The Birth of Ocean Watch
Before the Around the Americas crew set sail, a liveaboard cruising boat was transformed into their expedition-style workboat. "Hands-On Sailor" from our April 2010 issue
On the delivery from Mexico to Seattle in the spring of 2008, it quickly became apparent that the 64-foot steel yacht that had spent the previous decade as a liveaboard cruiser on the Golfo de California was going to need a serious refit before it would be able to commence a 25,000-nautical-mile voyage Around the Americas (www.aroundtheamericas.org) via the Northwest Passage and Cape Horn.
Skipper Mark Schrader and first mate Dave Logan were sure they'd discovered a strong platform for the journey, but they also knew that almost all of the systems, plumbing, wiring, and electronics-as well as the auxiliary engine and generator-were in need of an upgrade or replacement. The goal wasn't to turn Danzante III into a better all-around cruising boat but to transform the yacht into a sturdy, expedition-style workboat called Ocean Watch that would perform well in high-latitude, ice-strewn waters.

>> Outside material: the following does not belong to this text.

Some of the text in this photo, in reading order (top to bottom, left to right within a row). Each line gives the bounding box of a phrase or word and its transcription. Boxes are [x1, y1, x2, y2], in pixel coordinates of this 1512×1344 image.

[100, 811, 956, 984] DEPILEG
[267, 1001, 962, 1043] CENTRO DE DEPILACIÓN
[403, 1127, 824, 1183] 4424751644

Mate Logan served as project manager for the refit, ably assisted by Schrader, foreman Paul LaRussa, and boat captain Andy Gregory. The work was conducted at the Seaview East Boatyard in Ballard, a neighborhood in the northwest part of Seattle where the project received support and assistance from a host of Ballard tradesmen and craftsmen, many of whom generously donated their time and materials. In fact, the crew came to see Ocean Watch as "the boat that Ballard built." The philosophy behind the project was to employ sustainable resources and to source products from American companies, particularly local vendors, whenever possible.
The refit team learned several lessons that would be useful for any cruiser overhauling an older boat for extensive voyaging, particularly to the higher latitudes. First, inspect or replace everything beforehand. Second, strive to build in redundant systems while keeping them as simple as possible. And lastly, remember that you'll have to repair everything yourself in the middle of nowhere and that harsh, extreme climates will inflict quicker and greater damage and wear and tear. Be prepared.
With the Ocean Watch refit, the single biggest job was repowering the boat and replacing the auxiliary engine. A new Lugger Marine 135-horsepower engine took the place of the old diesel, and a new 12.5-kilowatt Northern Lights generator was installed to help power and charge Ocean Watch's banks of computers, scientific instruments, and batteries.
Based on a John Deere tractor engine, the continuous-duty, fully electronic Lugger constantly meters the fuel, exhaust, and cooling and adjusts each accordingly for optimal fuel economy and efficiency. Luggers are a staple of the Ballard fishing fleet, where they're considered the absolute Cadillac of working engines. The term "constant or continuous duty" means that the engine can run all day, every day, at 135 horsepower, though in practice, the engine is employed at roughly 45 percent to 50 percent of its capacity. That means the engine can be operated at lower rpm than a normal sailboat auxiliary, which translates to better fuel economy over the long haul. In the Arctic, the engine was regularly run at 1,300 to 1,400 rpm, producing speeds of 7 to 8 knots.
For optimal performance, the engine must work in tandem with the propeller, and Ocean Watch carries two. In the Arctic, the crew utilized a 24- by 19-inch three-bladed fixed prop; once free of the ice, they switched to a 24- by 20-inch Max-Prop feathering prop.
Both the new engine and genset were larger than the previous units, requiring both a bit of minor surgery on the engine room before installation and the fabrication of a few special tools, such as angle-iron skidways and overhead gantries, to set the power plants in place. Related gear also had to be upsized to accommodate them, including a circuitous exhaust system that took two weeks to engineer and install. Simultaneously, the five fuel tanks were polished and new engine mounts were fabricated.